PROBLEM TO SOLVE –
Give back each entry unchanged, minus pictures.
== DATA SECTION ==
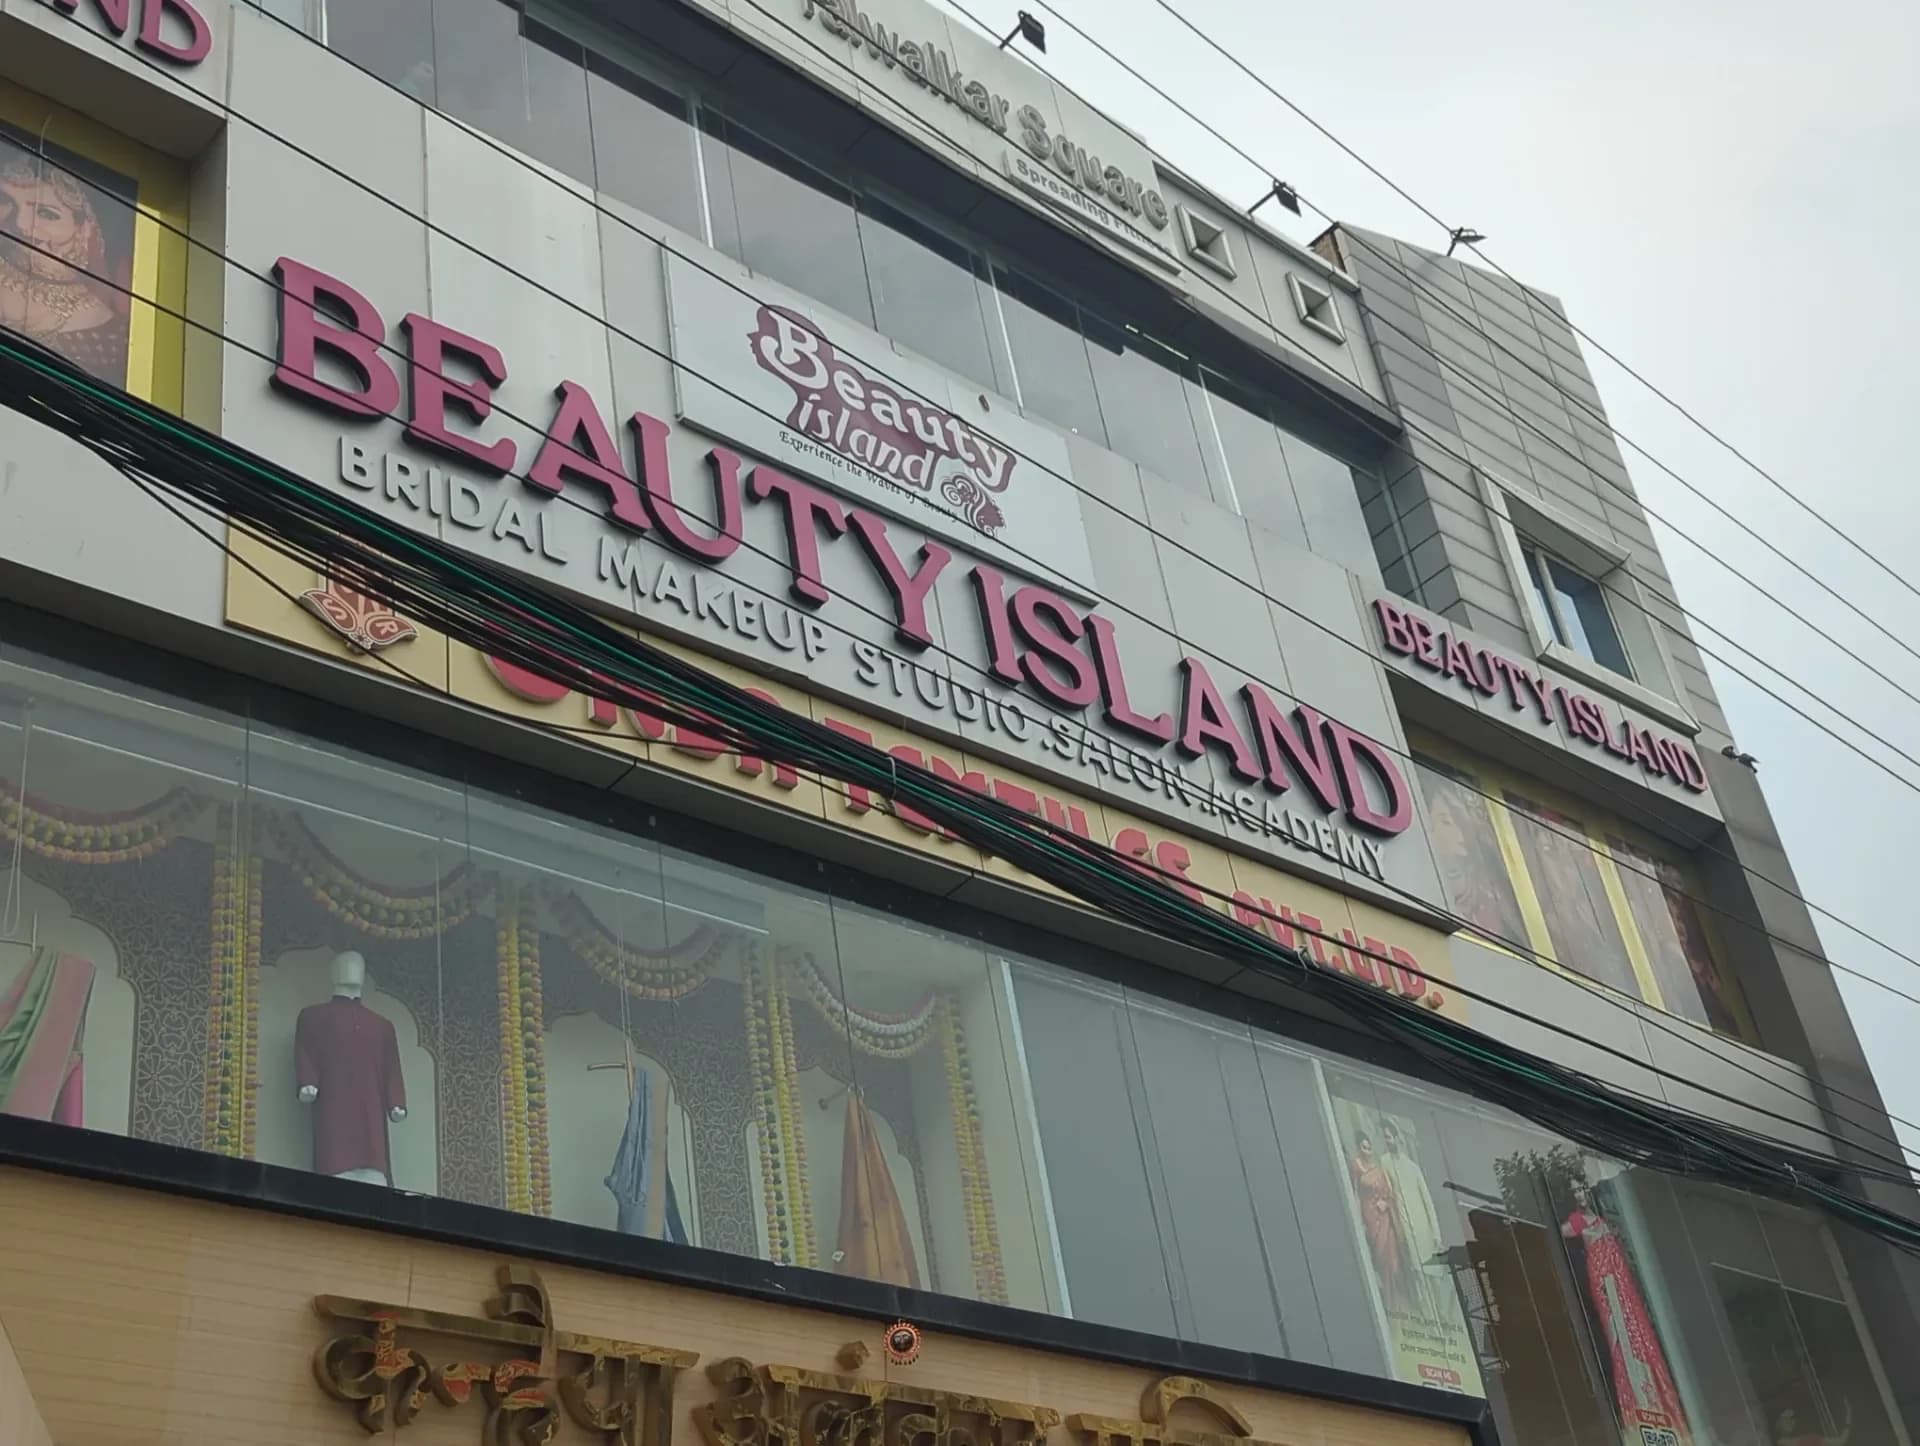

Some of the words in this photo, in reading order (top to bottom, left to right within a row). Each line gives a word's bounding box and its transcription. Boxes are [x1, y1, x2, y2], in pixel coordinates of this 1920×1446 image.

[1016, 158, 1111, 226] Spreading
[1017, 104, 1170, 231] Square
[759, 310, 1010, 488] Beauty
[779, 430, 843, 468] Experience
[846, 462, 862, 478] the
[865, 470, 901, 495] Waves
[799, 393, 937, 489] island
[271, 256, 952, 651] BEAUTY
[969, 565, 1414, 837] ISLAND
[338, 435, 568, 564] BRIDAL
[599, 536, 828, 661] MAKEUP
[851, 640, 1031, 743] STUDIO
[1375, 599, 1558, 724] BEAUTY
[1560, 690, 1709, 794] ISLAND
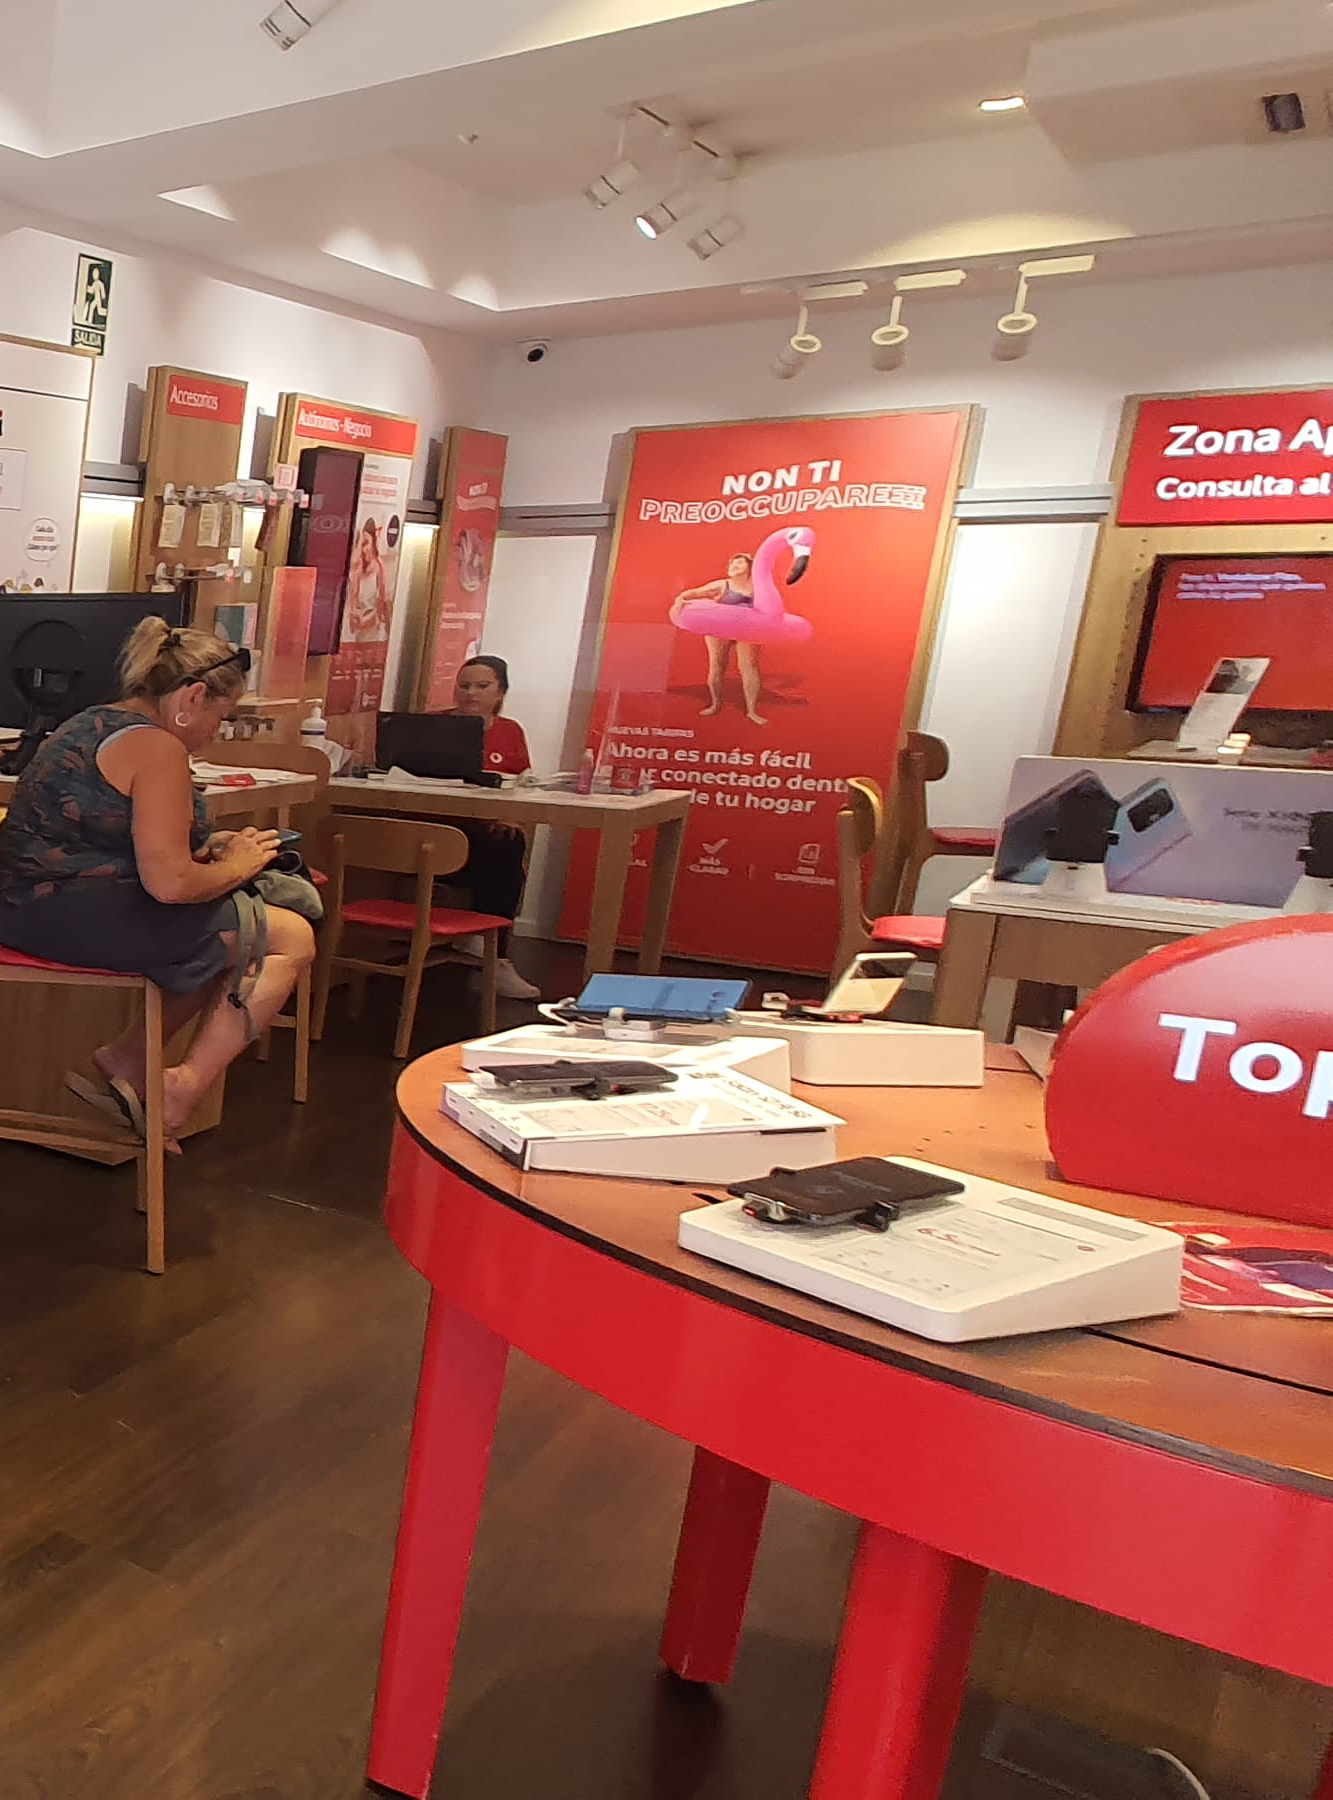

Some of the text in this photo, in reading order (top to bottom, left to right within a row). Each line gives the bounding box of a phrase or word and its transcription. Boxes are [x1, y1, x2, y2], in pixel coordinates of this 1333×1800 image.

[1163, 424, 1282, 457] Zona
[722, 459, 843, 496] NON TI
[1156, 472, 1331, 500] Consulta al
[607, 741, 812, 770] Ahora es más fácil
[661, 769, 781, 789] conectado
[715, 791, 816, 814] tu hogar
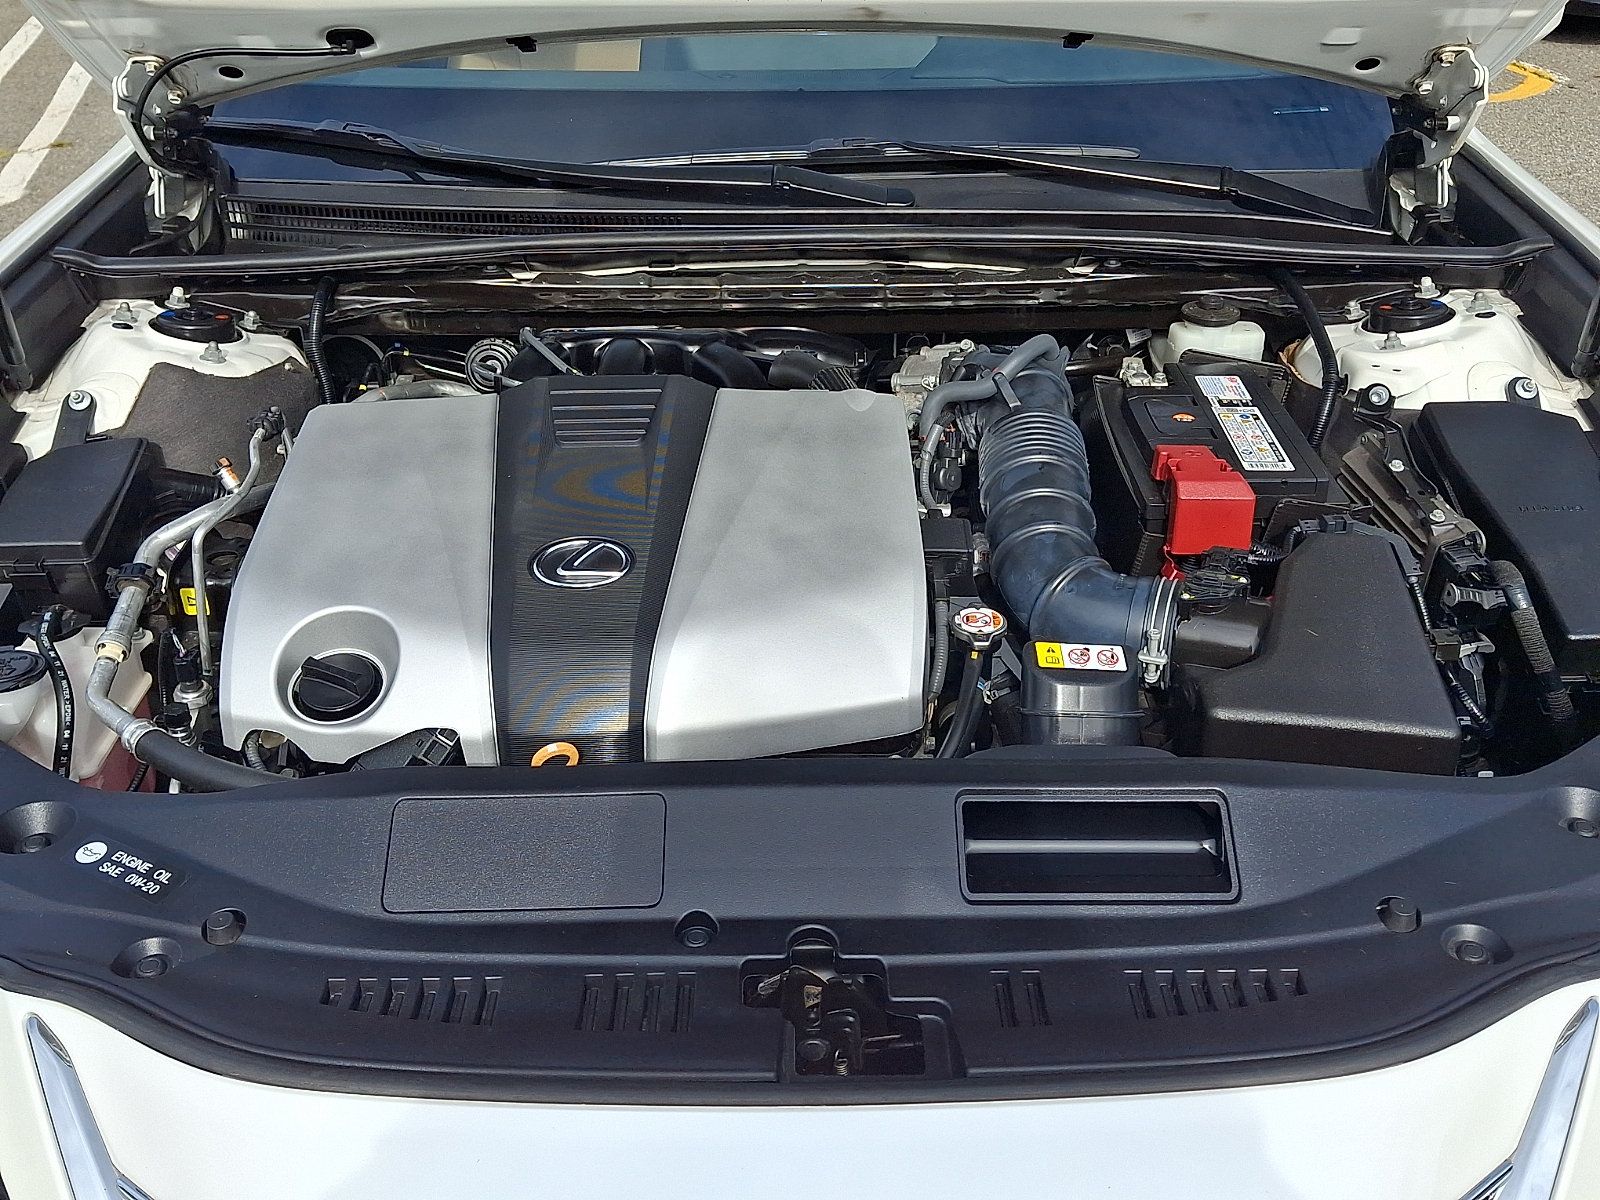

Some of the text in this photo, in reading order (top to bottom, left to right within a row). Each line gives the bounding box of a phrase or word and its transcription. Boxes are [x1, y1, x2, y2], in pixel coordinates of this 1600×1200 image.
===
WRITTEN RESPONSE –
Some of the words in this photo, in reading order (top to bottom, left to right within a row). Each line gives a word's bounding box and its transcription. Boxes are [x1, y1, x2, y2], in pixel coordinates of this 1920×1446 image.

[1016, 158, 1111, 226] Spreading
[1017, 104, 1170, 231] Square
[759, 310, 1010, 488] Beauty
[779, 430, 843, 468] Experience
[846, 462, 862, 478] the
[865, 470, 901, 495] Waves
[799, 393, 937, 489] island
[271, 256, 952, 651] BEAUTY
[969, 565, 1414, 837] ISLAND
[338, 435, 568, 564] BRIDAL
[599, 536, 828, 661] MAKEUP
[851, 640, 1031, 743] STUDIO
[1375, 599, 1558, 724] BEAUTY
[1560, 690, 1709, 794] ISLAND

Some of the text in this photo, in reading order (top to bottom, left to right within a row). Each line gives the bounding box of a phrase or word and its transcription. Boxes are [x1, y1, x2, y2], in pixel coordinates of this 1333×1800 image.

[1163, 424, 1282, 457] Zona
[722, 459, 843, 496] NON TI
[1156, 472, 1331, 500] Consulta al
[607, 741, 812, 770] Ahora es más fácil
[661, 769, 781, 789] conectado
[715, 791, 816, 814] tu hogar

Some of the text in this photo, in reading order (top to bottom, left to right within a row). Each line gives the bounding box of a phrase or word and its transcription. Boxes are [x1, y1, x2, y2], in pixel coordinates of this 1600×1200 image.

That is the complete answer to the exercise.